- Born: Marc Pascal Hamilton Smith 25 July 1963 (age 62) Newcastle upon Tyne
- Occupations: Historian Palaeographer

= Marc Smith (palaeographer) =

French historian and palaeographer (born 1963)

Marc H. Smith (born 25 July 1963) is a French historian and palaeographer. Born in Newcastle upon Tyne in England, he has both French and British citizenship.

== Education ==
Marc Smith obtained his archivist palaeographer degree as major (valedictorian) of the 1988 class of the École Nationale des Chartes with a thesis entitled La France et sa civilisation vues par les Italiens au XVIe, then started his career as curator at the Archives nationales (1988–1994).

=== Career ===
A former member of the École française de Rome (1990–1993), doctor of the École pratique des hautes études with a thesis on Les Italiens à la découverte de la France au XVIe : géographie, voyages et représentations de l'espace (1993),
he was general secretary of the École nationale des chartes (1995–1998), and since professor of medieval and modern palaeography. In 2013, he was also elected director of studies at the Ecole Pratique des Hautes Etudes, section of Historical and Philological Sciences (chair of Palaeography and history of writing in Latin characters). He also taught at the University Paris-Sorbonne (1998–2000), the Columbia University of New York (2014–2016), and head of the Mellon Summer Institute in Vernacular Paleography (Center for Renaissance Studies, Newberry Library, Chicago, et Getty Research Institute, Los Angeles) for French palaeography (since 2008).

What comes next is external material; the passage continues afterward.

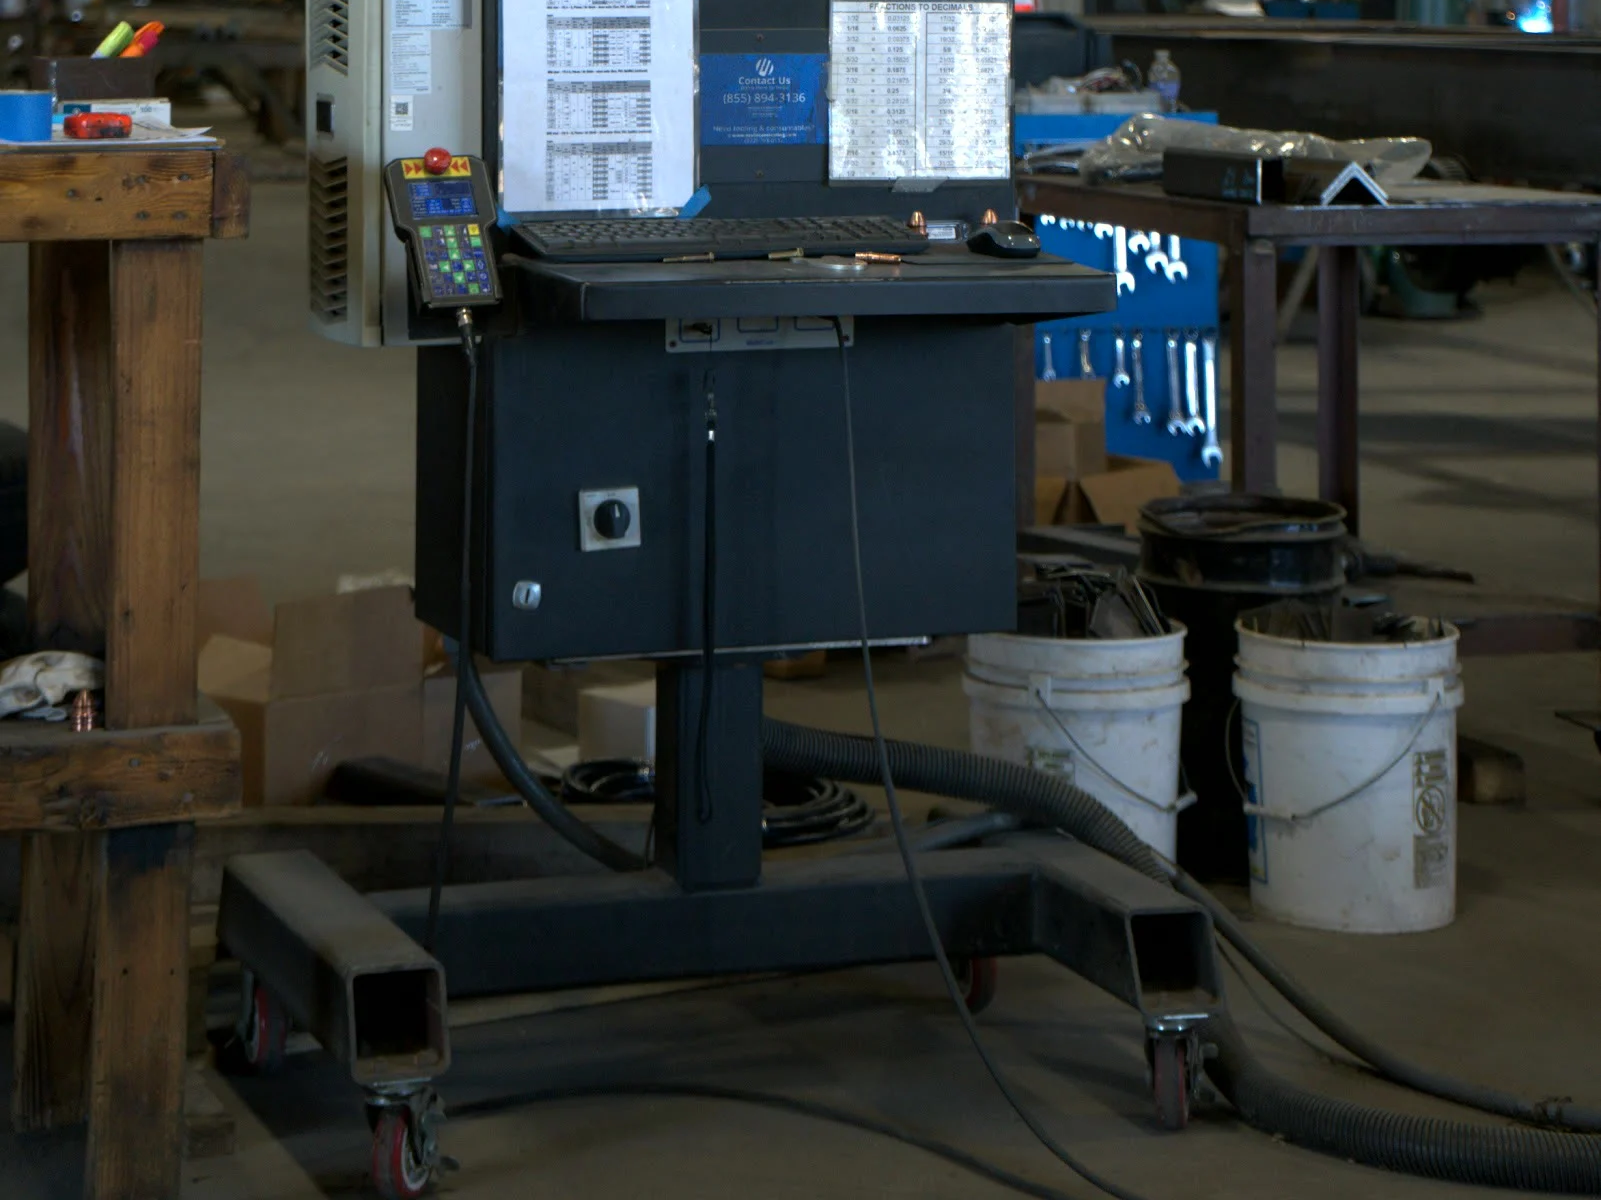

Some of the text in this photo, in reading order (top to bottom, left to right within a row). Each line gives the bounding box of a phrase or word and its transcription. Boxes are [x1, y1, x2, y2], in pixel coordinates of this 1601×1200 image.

Former president of the International Committee for Latin Palaeography (2015-2025), he is a member of the Hebrew paleography Committee, former secretary (2002-2011) and former president (2014) of the Société de l'histoire de France, co-editor of the series Monumenta Palaeographica Medii Aevi (Brepols; with Jean-Pierre Mahé and Élisabeth Lalou), member of the editorial boards of Scriptorium, Gazette du livre médiéval, and the Ménestrel portal, member of the reading committee of Scrineum Rivista, and former editor of the Bibliothèque de l'École des chartes journal.

=== Work ===
His research mainly concern the evolution of the Latin alphabet in its long term linguistic, technical, cognitive and cultural situations, from Roman inscriptions to digital typography. He contributed to the expertise of many manuscripts and other objects listed in public and private collections, and the restoration of the château du Bois-Orcan in Noyal-sur-Vilaine (registration of the chapel, 2008). He is preparing a catalog of calligraphic collections published by French master writers up to 1815, preserved in European and American collections.

== Books ==
- Sous la dir. d'Alexandre Labat (1994). "Expositions universelles, internationales et nationales au XIXe;répertoire numérique détaillé sélectif des articles de la sous-série F12 relatifs aux expositions, an VI-1914: état provisoire"
- Dir. with Yves-Marie Bercé and Olivier Guyotjeannin (1997). "L'École nationale des chartes;histoire de l'école depuis 1821"
- Dir. with Marie-Clotilde Hubert and Emmanuel Poulle (2000). "Le Statut du scripteur au Moyen Âge;actes du XIIe colloque scientifique du Comité international de paléographie latine, Cluny, 17-20 July 1998"
- Avec Laura Light, Script, New York, Les Enluminures, series "Primer" (n° 9), 39 p. (ISBN 978-0-9915172-9-9, SUDOC 193836718)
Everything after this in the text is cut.